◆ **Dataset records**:
■ ■ ■

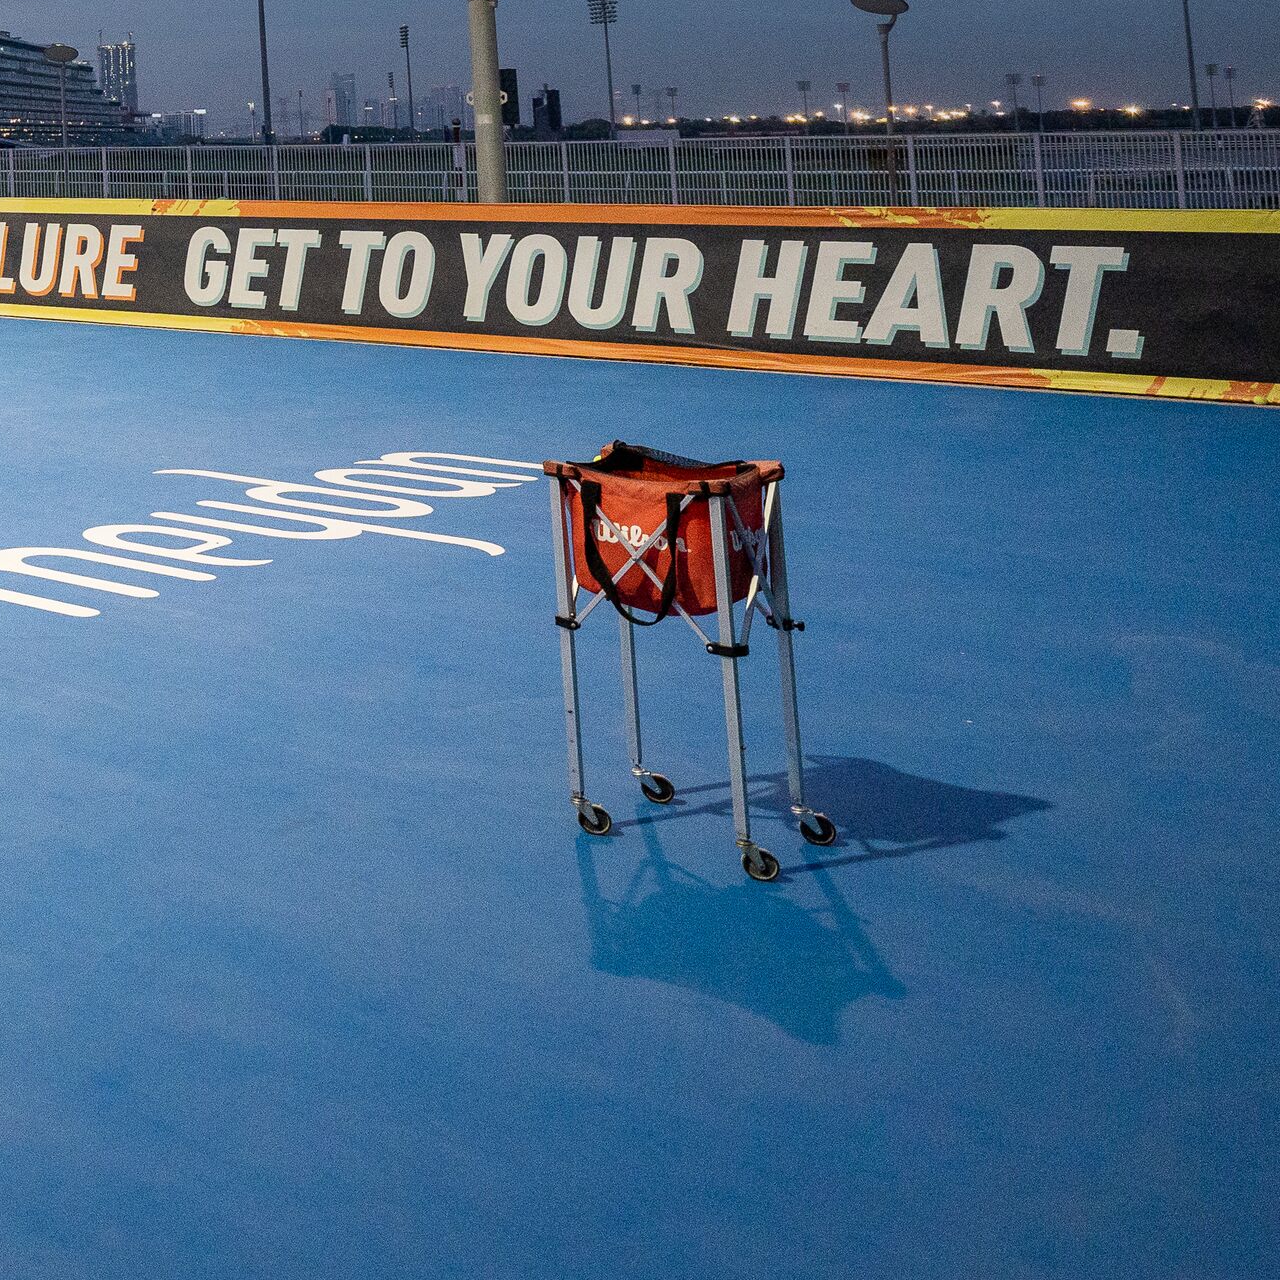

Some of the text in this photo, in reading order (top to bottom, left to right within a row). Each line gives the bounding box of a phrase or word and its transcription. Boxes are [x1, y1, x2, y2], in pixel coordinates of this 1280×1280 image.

[183, 226, 321, 311] GET
[339, 230, 435, 319] TO
[461, 233, 704, 334] YOUR
[727, 238, 1146, 360] HEART.

■ ■ ■

◆ **The problem**:
Each record should be quoted exactly, with the images omitted.

◆ **Exercise result**:
Some of the text in this photo, in reading order (top to bottom, left to right within a row). Each line gives the bounding box of a phrase or word and its transcription. Boxes are [x1, y1, x2, y2], in pixel coordinates of this 1280×1280 image.

[183, 226, 321, 311] GET
[339, 230, 435, 319] TO
[461, 233, 704, 334] YOUR
[727, 238, 1146, 360] HEART.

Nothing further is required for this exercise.